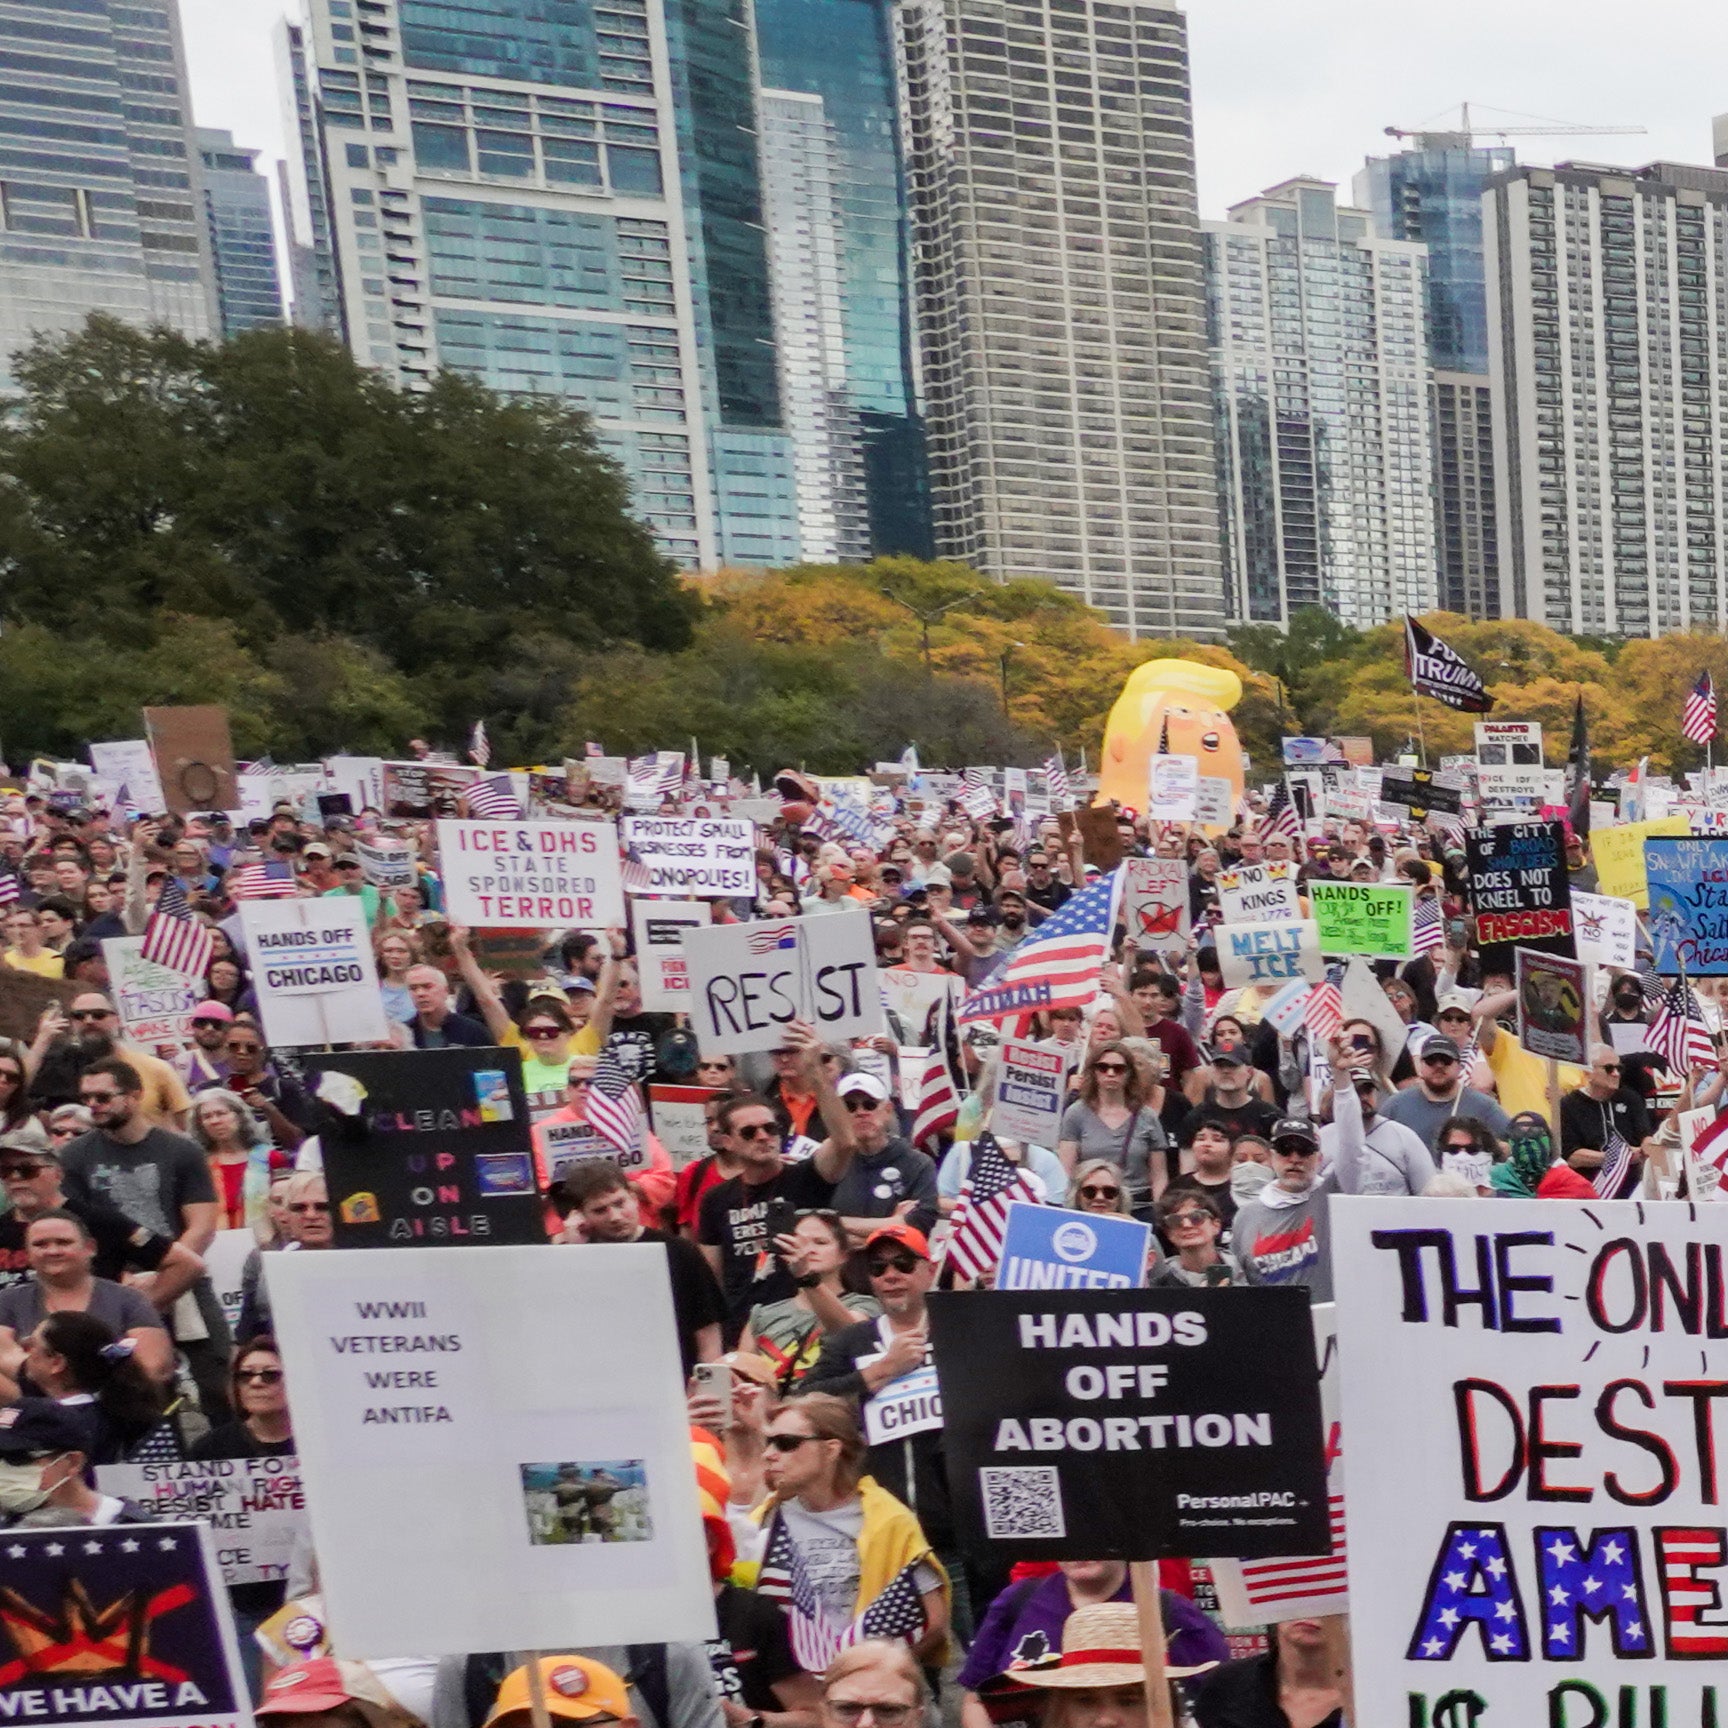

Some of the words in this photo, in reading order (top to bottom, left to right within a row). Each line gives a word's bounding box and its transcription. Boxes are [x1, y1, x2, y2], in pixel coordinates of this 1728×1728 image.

[633, 819, 693, 838] PROTECT
[458, 829, 509, 852] ICE
[539, 831, 598, 854] DHS
[494, 856, 569, 873] STATE
[468, 876, 596, 895] SPONSORED
[1475, 870, 1512, 887] DOES
[1519, 869, 1552, 886] NOT
[1240, 889, 1287, 912] KINGS
[1311, 885, 1371, 902] HANDS
[1475, 889, 1526, 908] KNEEL
[478, 896, 594, 919] TERROR
[258, 930, 317, 948] HANDS
[322, 928, 354, 944] OFF
[267, 964, 363, 988] CHICAGO
[413, 1185, 460, 1206] ON
[390, 1213, 491, 1239] AISLE
[1370, 1228, 1563, 1334] THE
[355, 1301, 427, 1320] WWII
[1019, 1310, 1208, 1350] HANDS
[329, 1332, 462, 1354] VETERANS
[364, 1369, 438, 1389] WERE
[1065, 1364, 1168, 1399] OFF
[362, 1404, 453, 1425] ANTIFA
[993, 1412, 1273, 1452] ABORTION
[143, 1460, 235, 1482] STAND
[52, 1681, 170, 1714] HAVE

-*-*-

Instructions for the task >>
Leaving the pictures out, give back each line above exactly.

Problem solution >>
Some of the words in this photo, in reading order (top to bottom, left to right within a row). Each line gives a word's bounding box and its transcription. Boxes are [x1, y1, x2, y2], in pixel coordinates of this 1728×1728 image.

[633, 819, 693, 838] PROTECT
[458, 829, 509, 852] ICE
[539, 831, 598, 854] DHS
[494, 856, 569, 873] STATE
[468, 876, 596, 895] SPONSORED
[1475, 870, 1512, 887] DOES
[1519, 869, 1552, 886] NOT
[1240, 889, 1287, 912] KINGS
[1311, 885, 1371, 902] HANDS
[1475, 889, 1526, 908] KNEEL
[478, 896, 594, 919] TERROR
[258, 930, 317, 948] HANDS
[322, 928, 354, 944] OFF
[267, 964, 363, 988] CHICAGO
[413, 1185, 460, 1206] ON
[390, 1213, 491, 1239] AISLE
[1370, 1228, 1563, 1334] THE
[355, 1301, 427, 1320] WWII
[1019, 1310, 1208, 1350] HANDS
[329, 1332, 462, 1354] VETERANS
[364, 1369, 438, 1389] WERE
[1065, 1364, 1168, 1399] OFF
[362, 1404, 453, 1425] ANTIFA
[993, 1412, 1273, 1452] ABORTION
[143, 1460, 235, 1482] STAND
[52, 1681, 170, 1714] HAVE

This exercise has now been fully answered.